RECORD SET section start

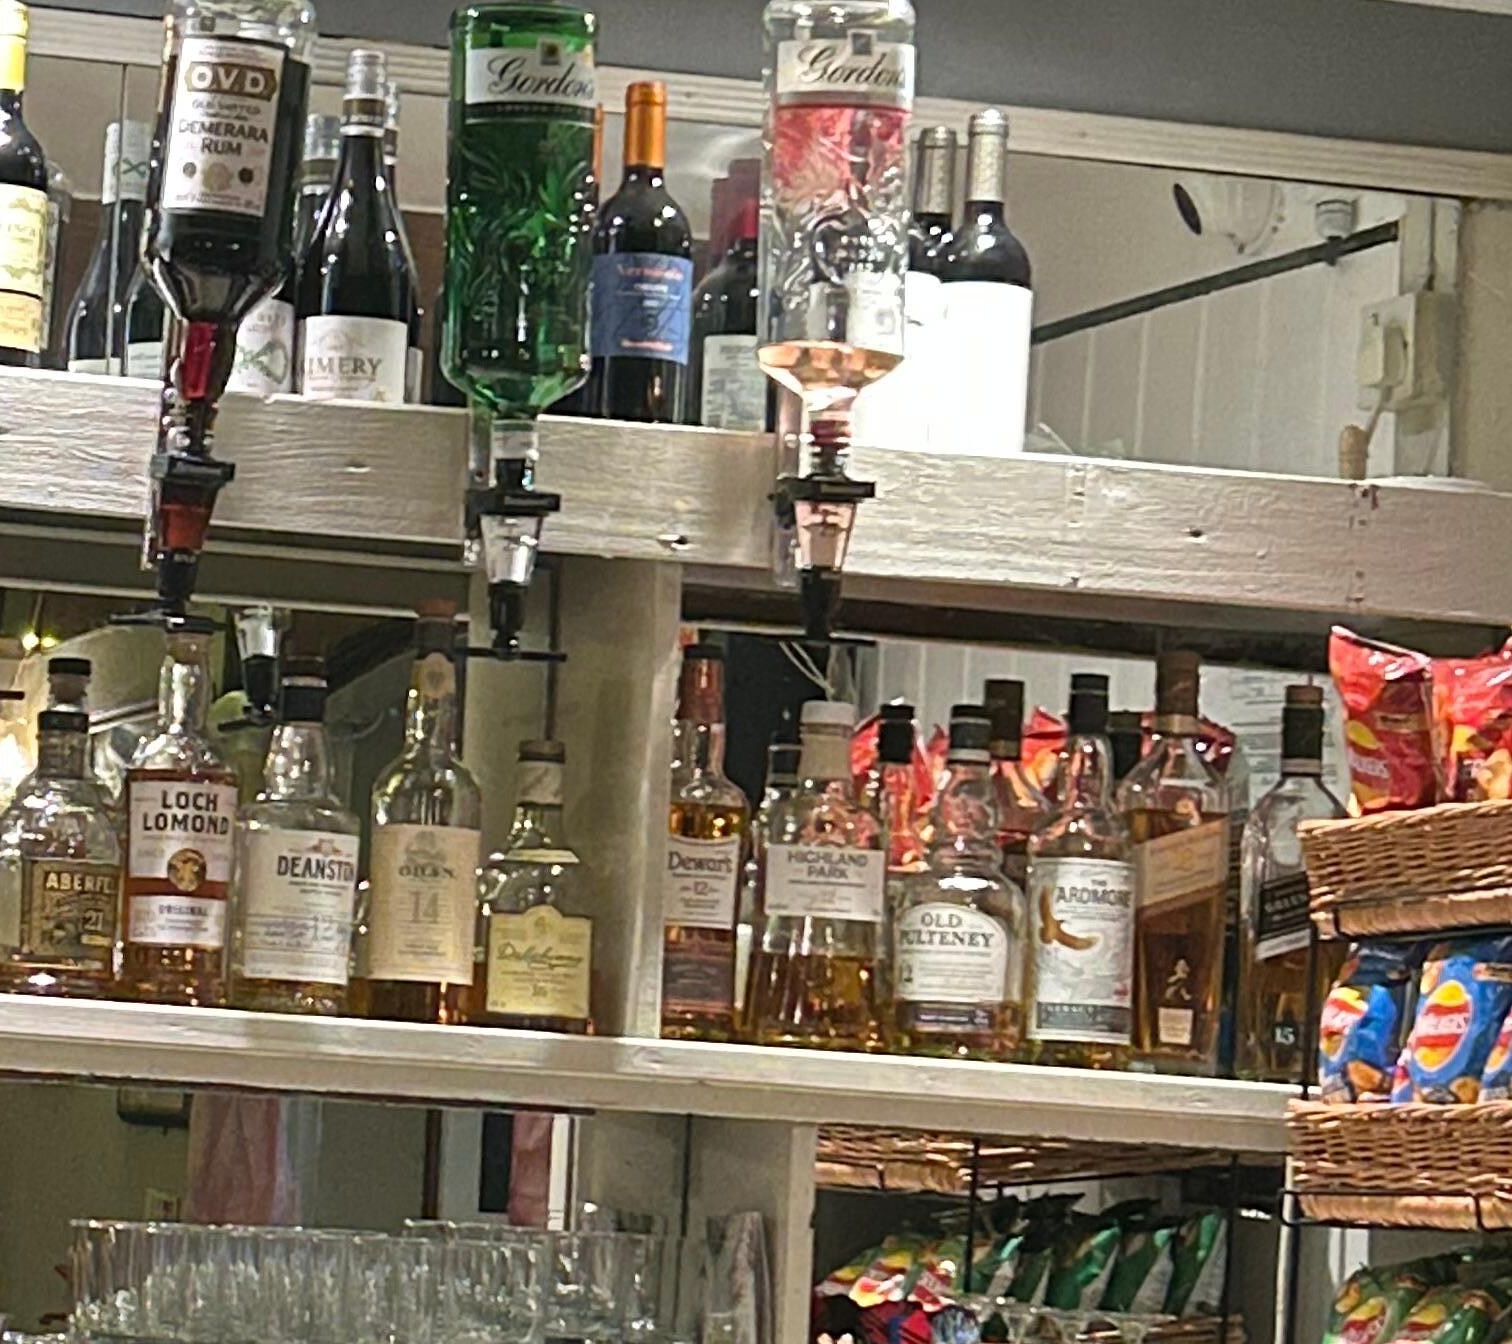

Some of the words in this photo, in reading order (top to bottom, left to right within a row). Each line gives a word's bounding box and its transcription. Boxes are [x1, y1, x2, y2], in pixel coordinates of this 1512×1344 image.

RECORD SET section end
RECORD SET section start

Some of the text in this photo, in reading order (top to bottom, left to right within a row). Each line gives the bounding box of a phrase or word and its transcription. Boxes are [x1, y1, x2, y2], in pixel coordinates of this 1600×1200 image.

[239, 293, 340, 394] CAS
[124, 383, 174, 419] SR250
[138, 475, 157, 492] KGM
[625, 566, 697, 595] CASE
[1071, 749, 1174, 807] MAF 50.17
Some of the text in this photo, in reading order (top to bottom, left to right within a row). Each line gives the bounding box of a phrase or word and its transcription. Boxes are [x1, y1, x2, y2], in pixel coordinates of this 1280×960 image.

RECORD SET section end
RECORD SET section start

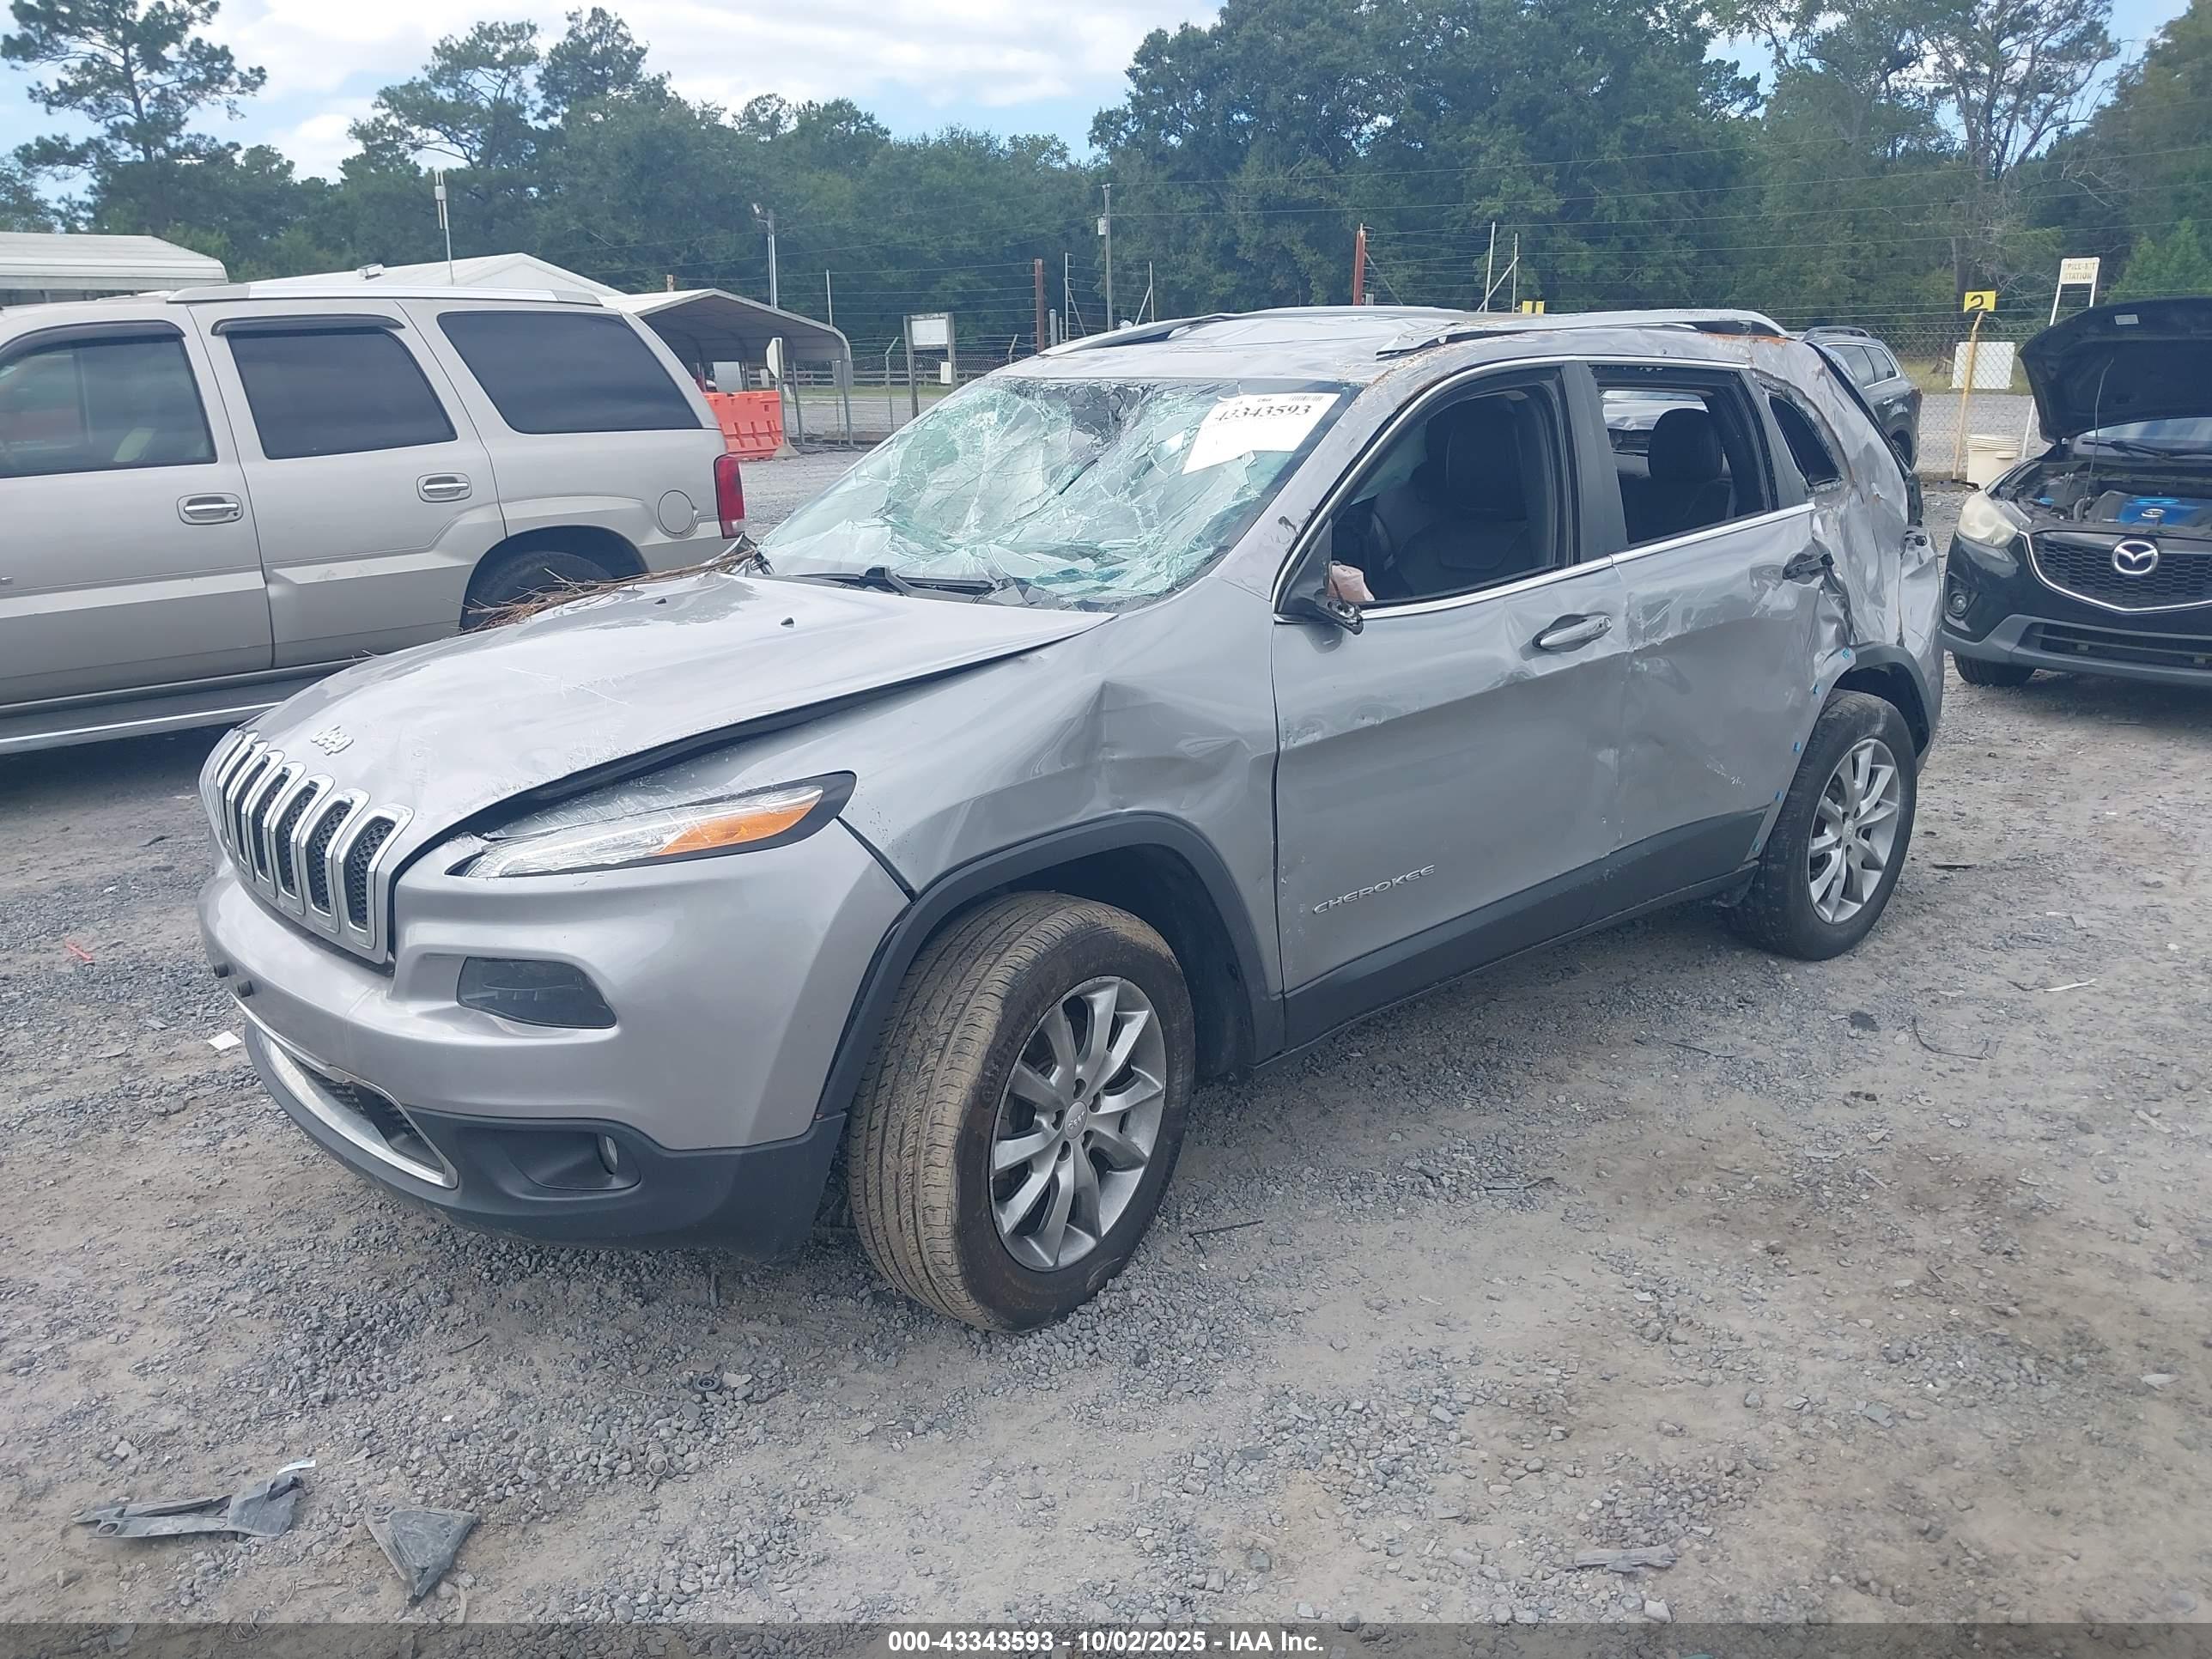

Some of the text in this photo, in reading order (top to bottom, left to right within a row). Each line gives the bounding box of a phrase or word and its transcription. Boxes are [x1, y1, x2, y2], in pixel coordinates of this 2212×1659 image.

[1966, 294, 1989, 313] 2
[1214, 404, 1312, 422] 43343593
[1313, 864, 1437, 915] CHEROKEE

RECORD SET section end

→ EXERCISE REQUIREMENTS
Only one part of the material above is to be transcribed, namely the lines starting with the line that has "this 1600×1200 image." and going on through the line that has "this 1280×960 image.", exactly as they stand.

→ SOLUTION TO THIS EXERCISE
Some of the text in this photo, in reading order (top to bottom, left to right within a row). Each line gives the bounding box of a phrase or word and its transcription. Boxes are [x1, y1, x2, y2], in pixel coordinates of this 1600×1200 image.

[239, 293, 340, 394] CAS
[124, 383, 174, 419] SR250
[138, 475, 157, 492] KGM
[625, 566, 697, 595] CASE
[1071, 749, 1174, 807] MAF 50.17
Some of the text in this photo, in reading order (top to bottom, left to right within a row). Each line gives the bounding box of a phrase or word and its transcription. Boxes are [x1, y1, x2, y2], in pixel coordinates of this 1280×960 image.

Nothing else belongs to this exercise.